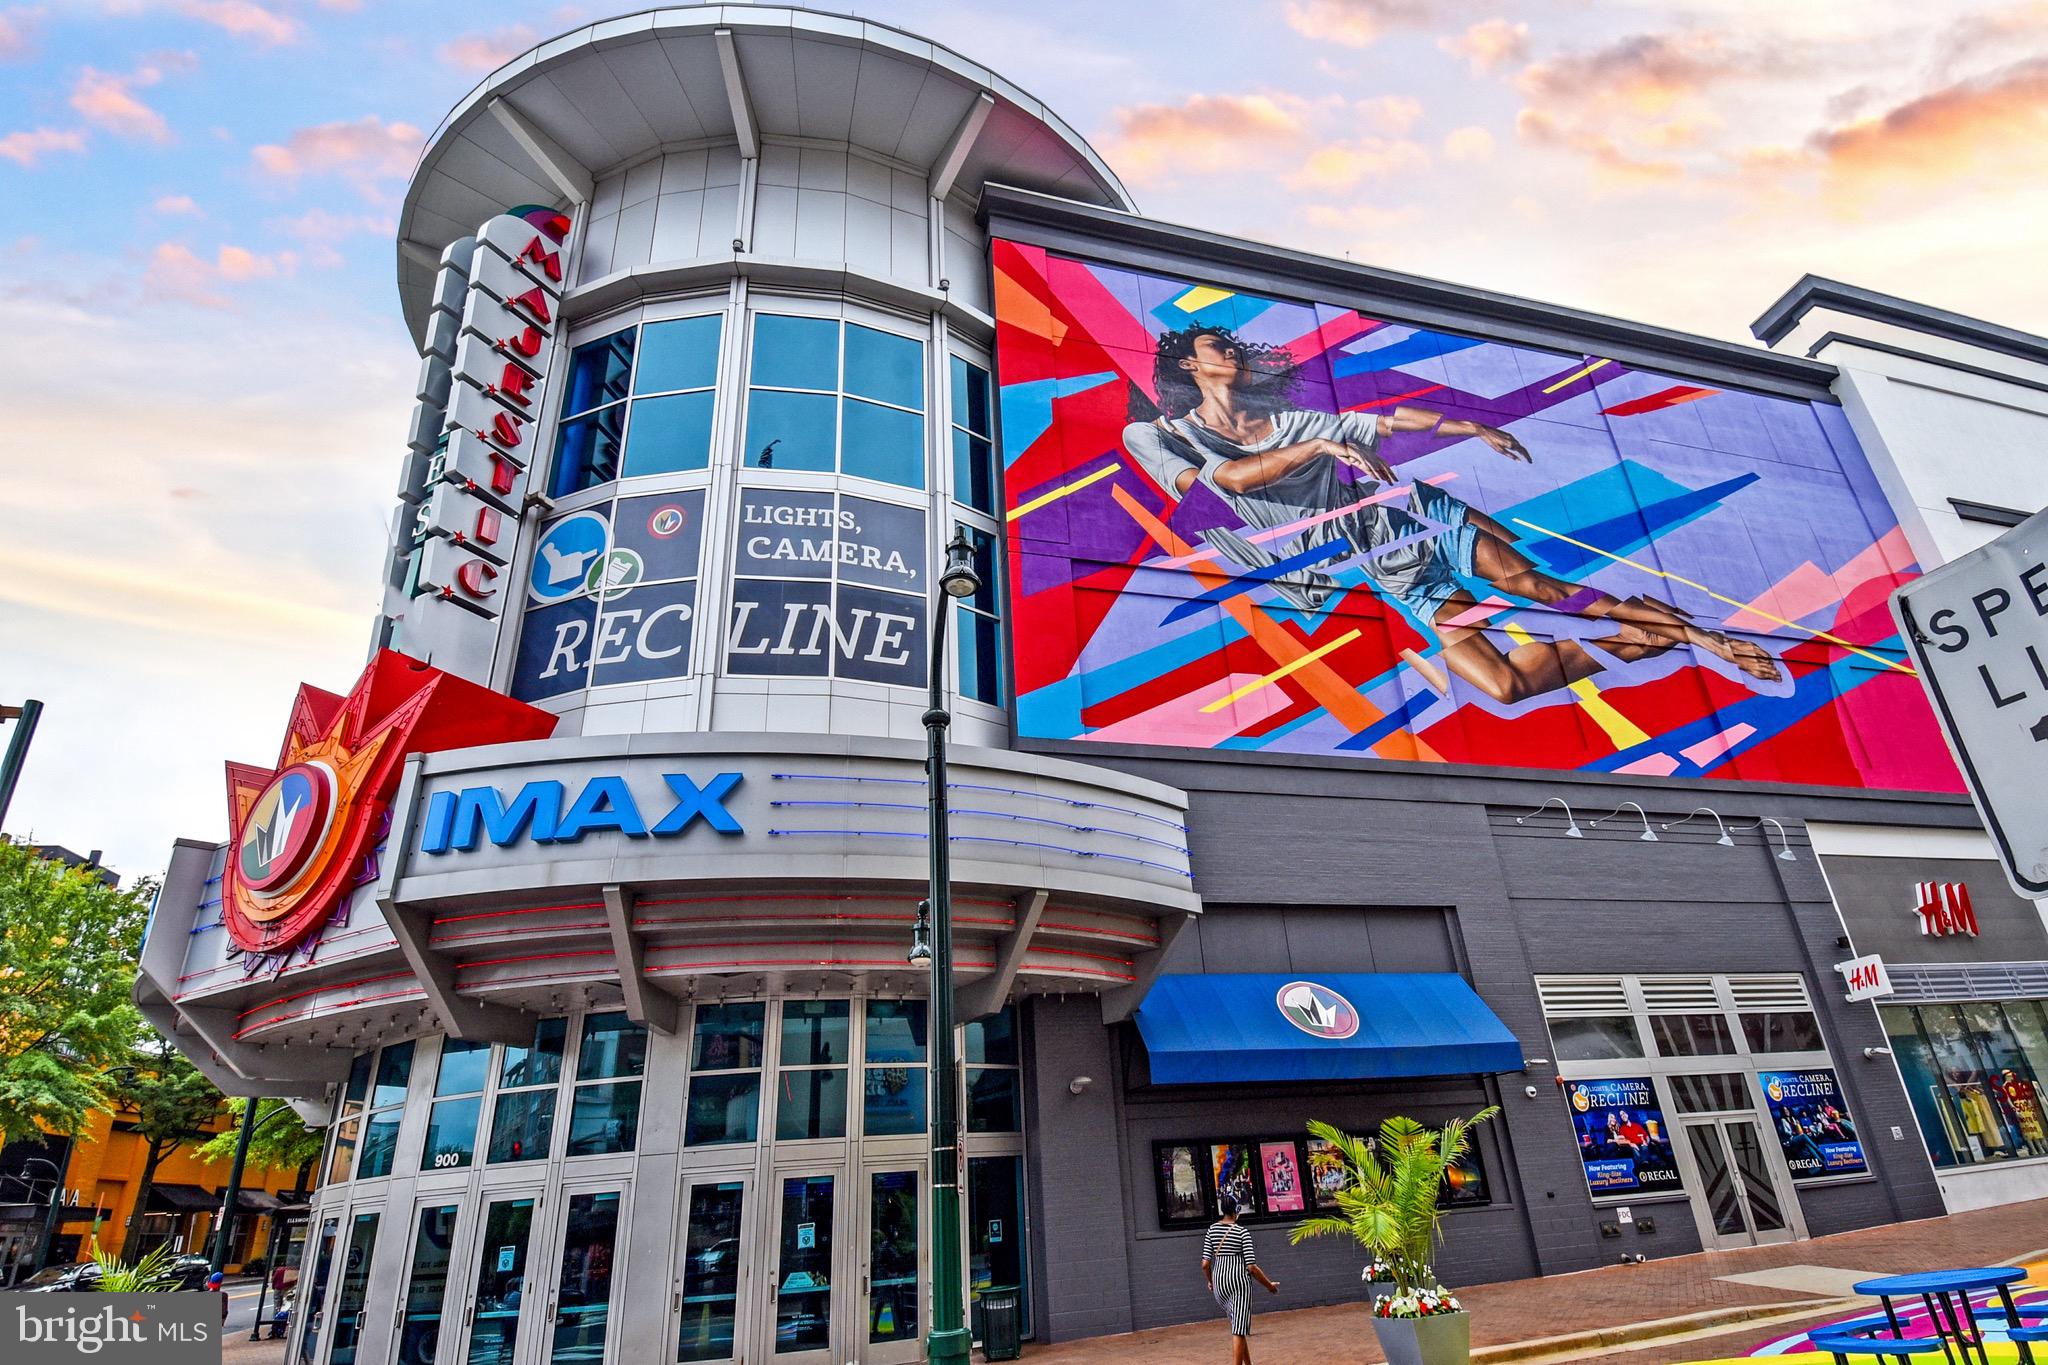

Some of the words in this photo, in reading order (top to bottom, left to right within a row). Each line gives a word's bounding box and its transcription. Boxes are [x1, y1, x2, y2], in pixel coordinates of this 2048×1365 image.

[458, 235, 563, 599] MAJESTIC
[744, 504, 862, 534] LIGHTS,
[746, 536, 917, 579] CAMERA,
[421, 772, 745, 855] IMAX
[1912, 880, 1981, 938] H&M
[1849, 962, 1879, 992] H&M
[1610, 1082, 1650, 1092] CAMERA,
[1799, 1074, 1833, 1083] CAMERA,
[1590, 1091, 1650, 1108] RECLINE!
[1782, 1083, 1834, 1098] RECLINE!
[434, 1152, 459, 1168] 900
[1796, 1159, 1823, 1169] REGAL
[1648, 1170, 1678, 1181] REGAL
[50, 1187, 80, 1207] AVA

**EXERCISE:** Could you reproduce every record above exactly, leaving out the pictures?

**ANSWER SECTION:**
Some of the words in this photo, in reading order (top to bottom, left to right within a row). Each line gives a word's bounding box and its transcription. Boxes are [x1, y1, x2, y2], in pixel coordinates of this 2048×1365 image.

[458, 235, 563, 599] MAJESTIC
[744, 504, 862, 534] LIGHTS,
[746, 536, 917, 579] CAMERA,
[421, 772, 745, 855] IMAX
[1912, 880, 1981, 938] H&M
[1849, 962, 1879, 992] H&M
[1610, 1082, 1650, 1092] CAMERA,
[1799, 1074, 1833, 1083] CAMERA,
[1590, 1091, 1650, 1108] RECLINE!
[1782, 1083, 1834, 1098] RECLINE!
[434, 1152, 459, 1168] 900
[1796, 1159, 1823, 1169] REGAL
[1648, 1170, 1678, 1181] REGAL
[50, 1187, 80, 1207] AVA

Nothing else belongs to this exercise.